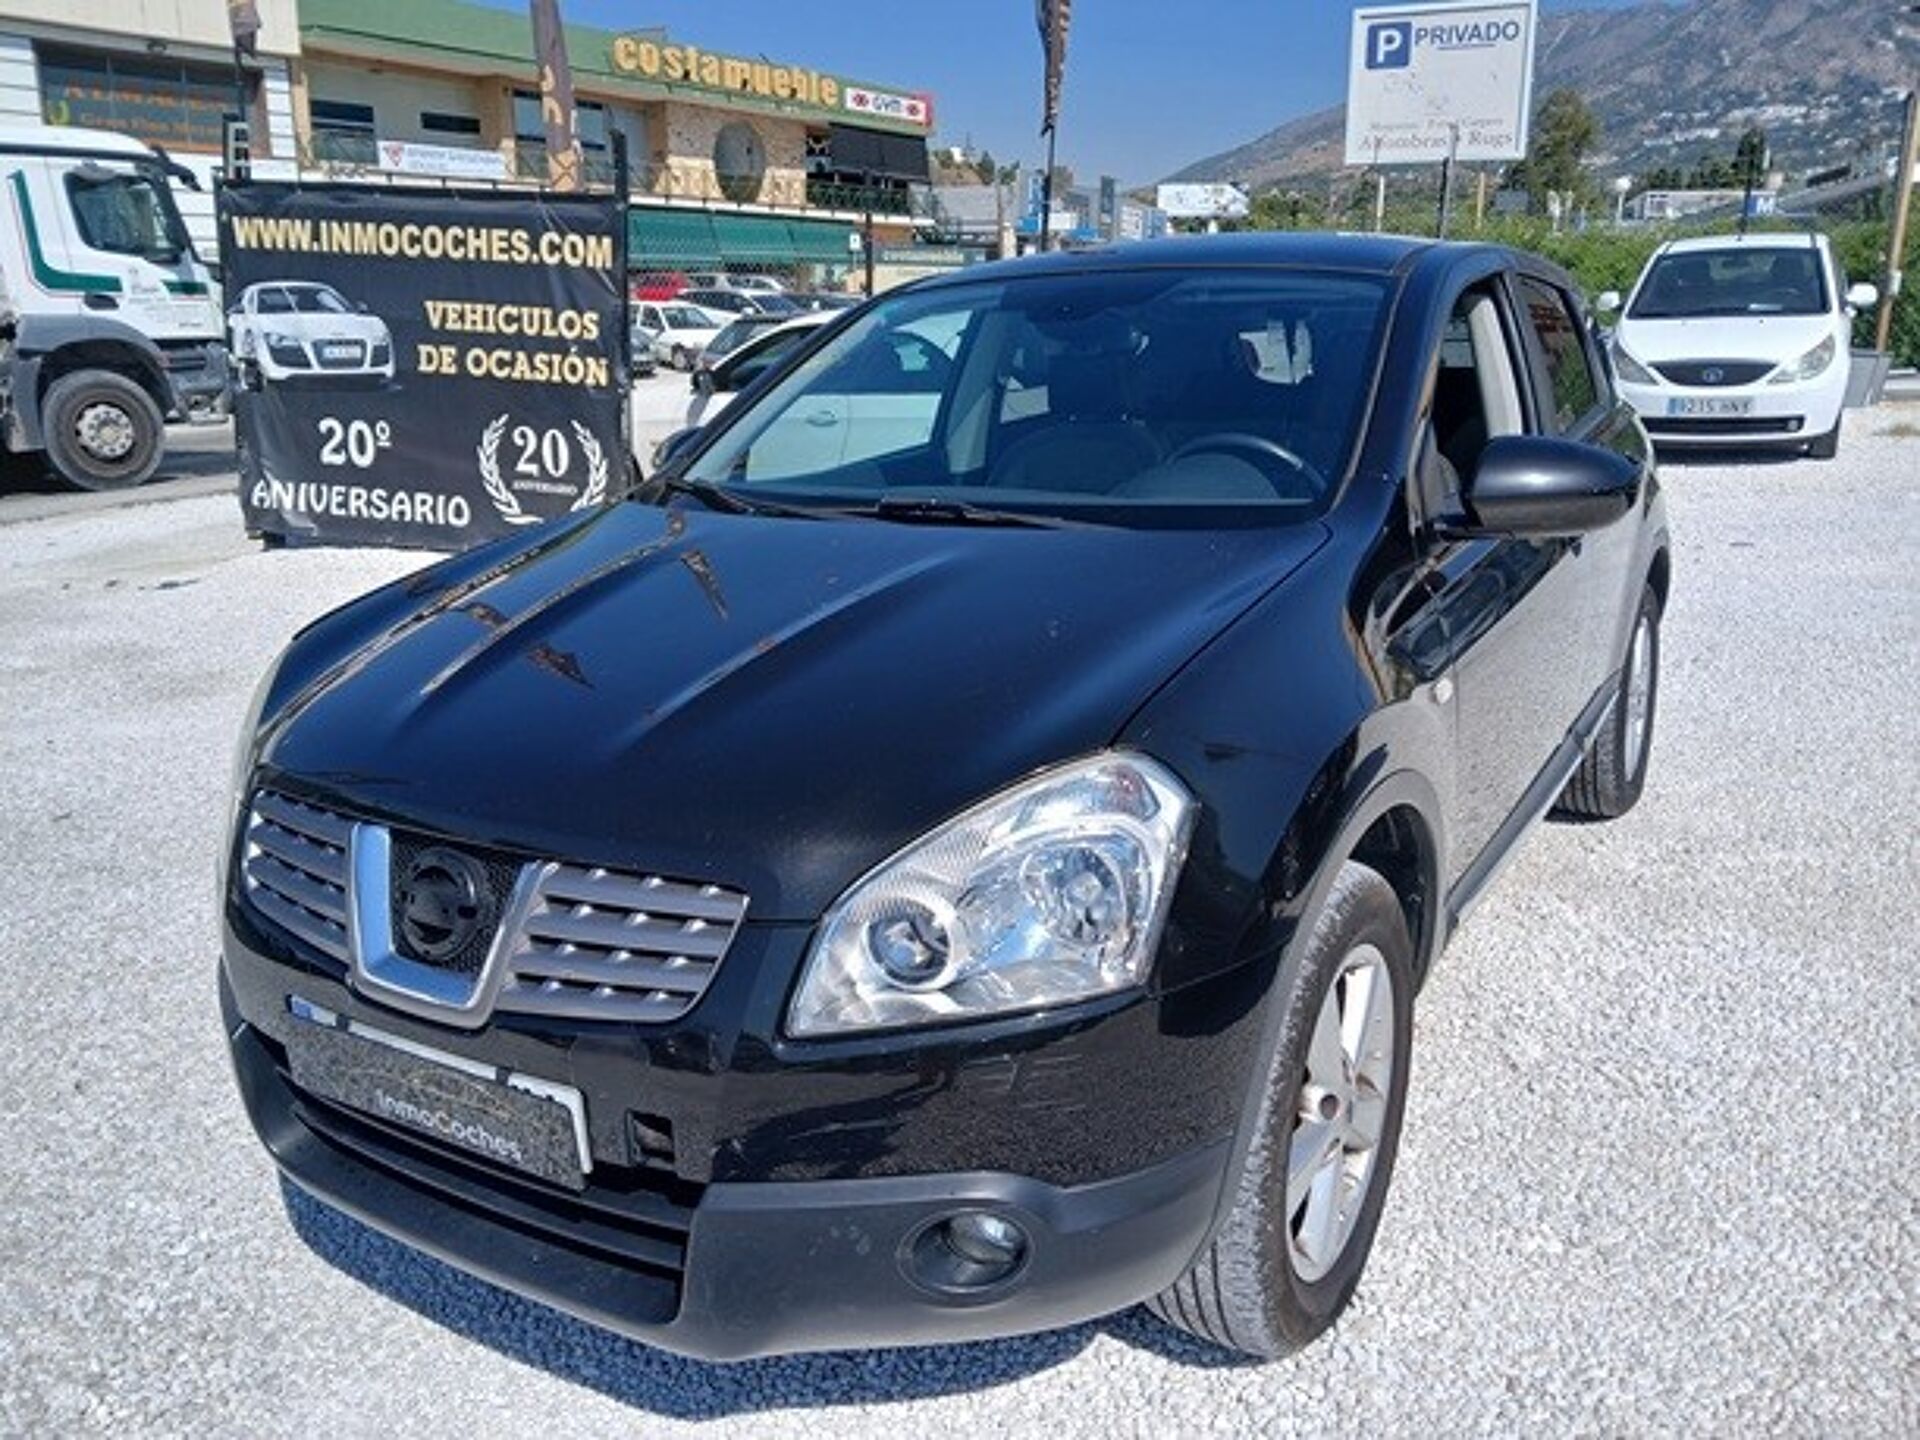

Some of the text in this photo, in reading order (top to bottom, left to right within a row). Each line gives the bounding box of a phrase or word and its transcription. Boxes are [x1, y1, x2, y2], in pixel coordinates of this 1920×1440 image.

[1414, 20, 1519, 45] PRIVADO
[613, 36, 838, 106] costamueble
[1468, 131, 1512, 148] Rugs
[231, 215, 613, 269] WWW.INMOCOCHES.COM
[424, 300, 600, 339] VEHICULOS
[417, 344, 608, 387] DE OCASIÓN
[512, 425, 569, 478] 20
[251, 478, 471, 527] ANIVERSARIO

= = =

■ TASK BRIEF: The answer is the listing above repeated verbatim, minus its images.

■ PROBLEM SOLUTION:
Some of the text in this photo, in reading order (top to bottom, left to right within a row). Each line gives the bounding box of a phrase or word and its transcription. Boxes are [x1, y1, x2, y2], in pixel coordinates of this 1920×1440 image.

[1414, 20, 1519, 45] PRIVADO
[613, 36, 838, 106] costamueble
[1468, 131, 1512, 148] Rugs
[231, 215, 613, 269] WWW.INMOCOCHES.COM
[424, 300, 600, 339] VEHICULOS
[417, 344, 608, 387] DE OCASIÓN
[512, 425, 569, 478] 20
[251, 478, 471, 527] ANIVERSARIO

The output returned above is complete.